* _Information given_:
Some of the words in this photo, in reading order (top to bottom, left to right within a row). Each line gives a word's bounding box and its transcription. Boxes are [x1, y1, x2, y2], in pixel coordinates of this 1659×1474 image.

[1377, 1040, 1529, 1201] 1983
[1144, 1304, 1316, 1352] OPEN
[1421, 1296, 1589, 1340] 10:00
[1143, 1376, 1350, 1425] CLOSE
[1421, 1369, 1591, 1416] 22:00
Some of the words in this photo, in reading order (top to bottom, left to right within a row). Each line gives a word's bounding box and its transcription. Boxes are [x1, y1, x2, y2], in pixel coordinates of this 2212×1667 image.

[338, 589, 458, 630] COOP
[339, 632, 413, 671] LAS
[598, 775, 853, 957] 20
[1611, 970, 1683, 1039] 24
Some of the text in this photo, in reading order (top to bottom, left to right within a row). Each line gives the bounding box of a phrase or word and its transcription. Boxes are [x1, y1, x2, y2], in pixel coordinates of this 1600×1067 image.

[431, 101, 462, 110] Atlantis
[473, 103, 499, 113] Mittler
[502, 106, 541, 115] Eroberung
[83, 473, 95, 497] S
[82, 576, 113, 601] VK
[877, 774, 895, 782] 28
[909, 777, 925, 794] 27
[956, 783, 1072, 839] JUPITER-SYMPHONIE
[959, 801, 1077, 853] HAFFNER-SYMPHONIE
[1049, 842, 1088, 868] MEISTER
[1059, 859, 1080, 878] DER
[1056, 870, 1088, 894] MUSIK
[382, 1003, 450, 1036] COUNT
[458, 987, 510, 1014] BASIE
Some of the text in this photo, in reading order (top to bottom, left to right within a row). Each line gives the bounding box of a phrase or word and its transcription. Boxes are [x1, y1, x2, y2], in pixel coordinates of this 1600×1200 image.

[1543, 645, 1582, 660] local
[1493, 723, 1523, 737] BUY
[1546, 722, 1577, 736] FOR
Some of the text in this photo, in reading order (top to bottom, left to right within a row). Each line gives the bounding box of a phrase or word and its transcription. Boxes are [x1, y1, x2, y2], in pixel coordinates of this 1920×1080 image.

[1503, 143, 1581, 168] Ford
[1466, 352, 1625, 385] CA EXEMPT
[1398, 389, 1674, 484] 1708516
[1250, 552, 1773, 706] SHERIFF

* _Task requirements_:
Would you return the whole listing exactly as written?

* _Written solution_:
Some of the words in this photo, in reading order (top to bottom, left to right within a row). Each line gives a word's bounding box and its transcription. Boxes are [x1, y1, x2, y2], in pixel coordinates of this 1659×1474 image.

[1377, 1040, 1529, 1201] 1983
[1144, 1304, 1316, 1352] OPEN
[1421, 1296, 1589, 1340] 10:00
[1143, 1376, 1350, 1425] CLOSE
[1421, 1369, 1591, 1416] 22:00
Some of the words in this photo, in reading order (top to bottom, left to right within a row). Each line gives a word's bounding box and its transcription. Boxes are [x1, y1, x2, y2], in pixel coordinates of this 2212×1667 image.

[338, 589, 458, 630] COOP
[339, 632, 413, 671] LAS
[598, 775, 853, 957] 20
[1611, 970, 1683, 1039] 24
Some of the text in this photo, in reading order (top to bottom, left to right within a row). Each line gives the bounding box of a phrase or word and its transcription. Boxes are [x1, y1, x2, y2], in pixel coordinates of this 1600×1067 image.

[431, 101, 462, 110] Atlantis
[473, 103, 499, 113] Mittler
[502, 106, 541, 115] Eroberung
[83, 473, 95, 497] S
[82, 576, 113, 601] VK
[877, 774, 895, 782] 28
[909, 777, 925, 794] 27
[956, 783, 1072, 839] JUPITER-SYMPHONIE
[959, 801, 1077, 853] HAFFNER-SYMPHONIE
[1049, 842, 1088, 868] MEISTER
[1059, 859, 1080, 878] DER
[1056, 870, 1088, 894] MUSIK
[382, 1003, 450, 1036] COUNT
[458, 987, 510, 1014] BASIE
Some of the text in this photo, in reading order (top to bottom, left to right within a row). Each line gives the bounding box of a phrase or word and its transcription. Boxes are [x1, y1, x2, y2], in pixel coordinates of this 1600×1200 image.

[1543, 645, 1582, 660] local
[1493, 723, 1523, 737] BUY
[1546, 722, 1577, 736] FOR
Some of the text in this photo, in reading order (top to bottom, left to right within a row). Each line gives the bounding box of a phrase or word and its transcription. Boxes are [x1, y1, x2, y2], in pixel coordinates of this 1920×1080 image.

[1503, 143, 1581, 168] Ford
[1466, 352, 1625, 385] CA EXEMPT
[1398, 389, 1674, 484] 1708516
[1250, 552, 1773, 706] SHERIFF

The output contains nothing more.